From a teacher of midnight's children
By Anita Joshua
Interesting Times in India: A short Decade at St. Stephen's College, Daniel O'Connor, Penguin, Rs. 295.
HAVING arrived in admission season, Interesting Times in India: A Short Decade at St. Stephen's College probably has a captive audience among all those school-leaving students eager to get into what is still regarded as one of the top-of-the-line institutions of the country. After all, there is that "interview" where anything under the sun can be asked to be cleared which West Bengal Governor and alumnus of St. Stephen's, Gopal Gandhi, talks about in his afterword.
Setting foot on Indian soil in the twilight days of the Nehruvian era, Daniel O'Connor offers a C.F. Andrews kind of Britisher's account of a country battling with the uncertainty of the following decade. Beginning with a nation coming to grips with a post-Nehruvian existence, O'Connor's decade in India saw two wars, the Bihar famine of 1966, and the emergence on India's map and lexicon, a word called "Naxalbari".

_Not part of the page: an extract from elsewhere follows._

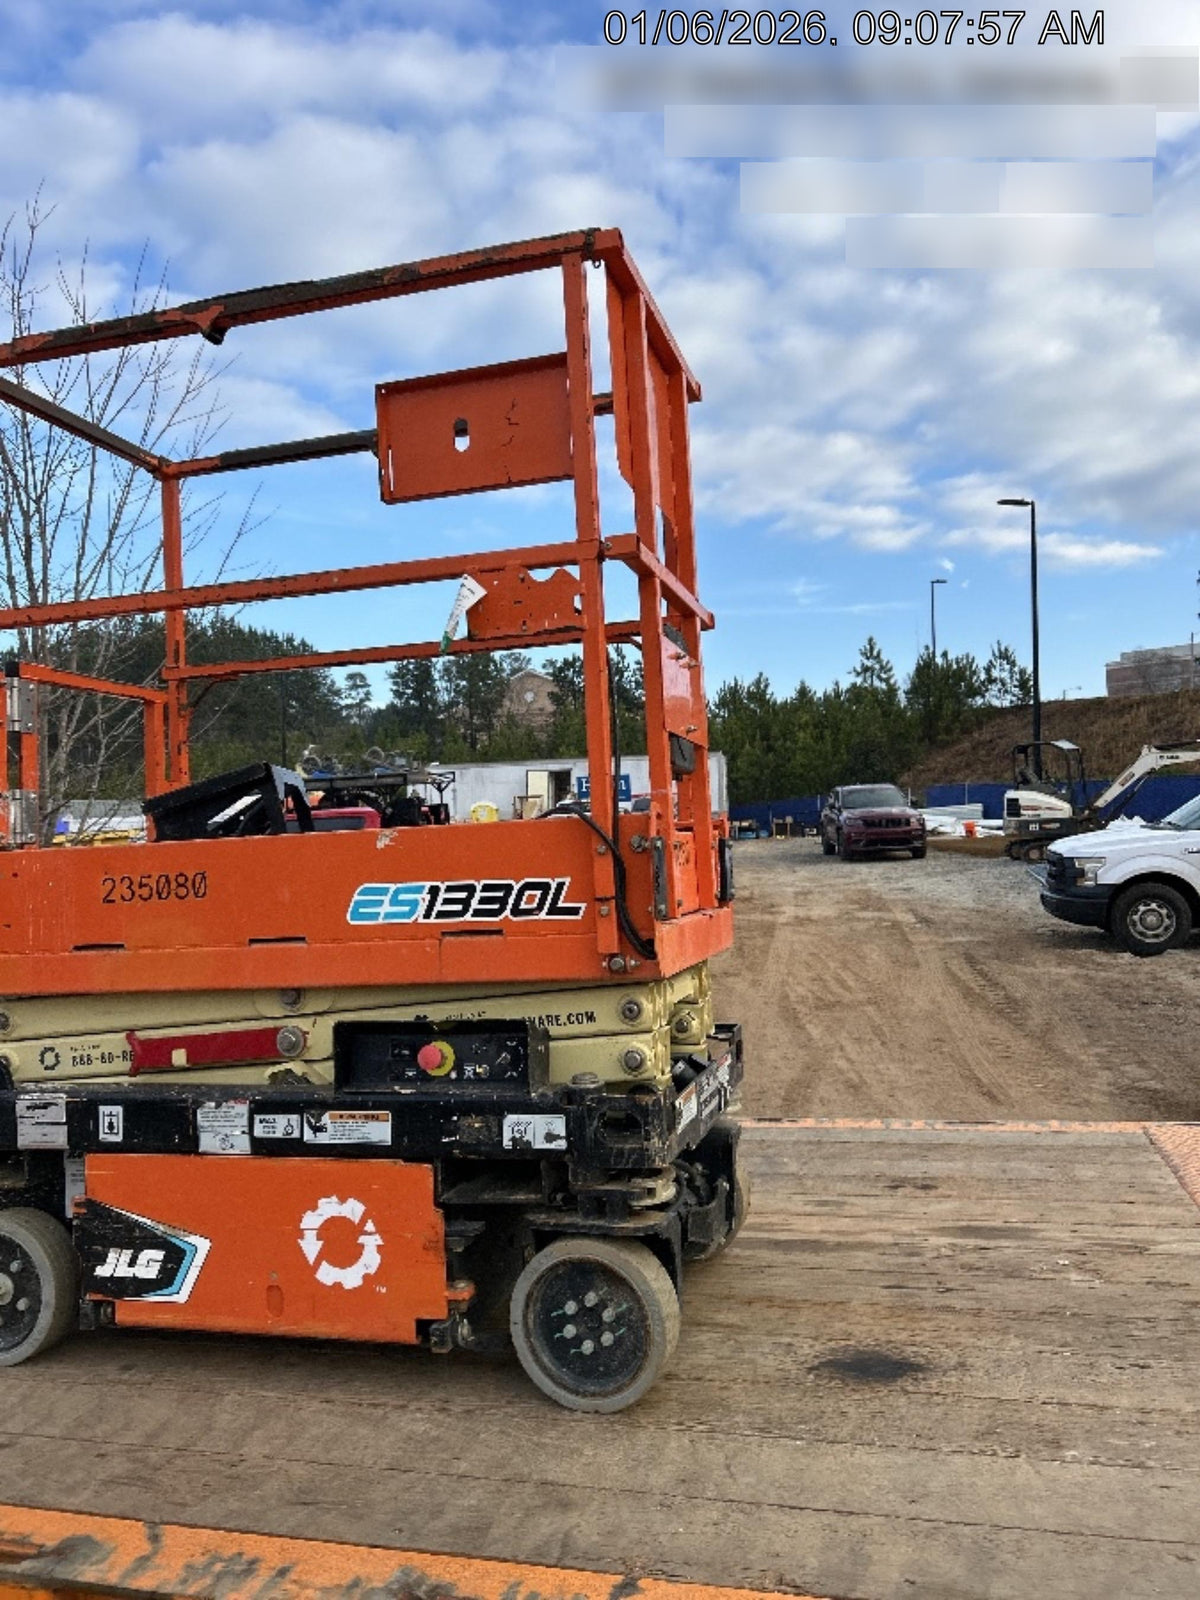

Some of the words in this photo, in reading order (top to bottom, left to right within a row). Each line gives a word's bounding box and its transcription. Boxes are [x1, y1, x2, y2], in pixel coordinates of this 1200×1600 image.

Since the students of St. Stephen's also got caught in the momentum of revolutionary activities under the influence of Maoism and the Naxalite movement, O'Connor reflects at considerable length on the politics of the time. Though the book belongs to the genre of a personal memoir, the author set out on this journey primarily because the Christian Institute for the Study of Religion and Society, Bangalore, wanted him to put on record whatever he remembered of the Naxalite episode.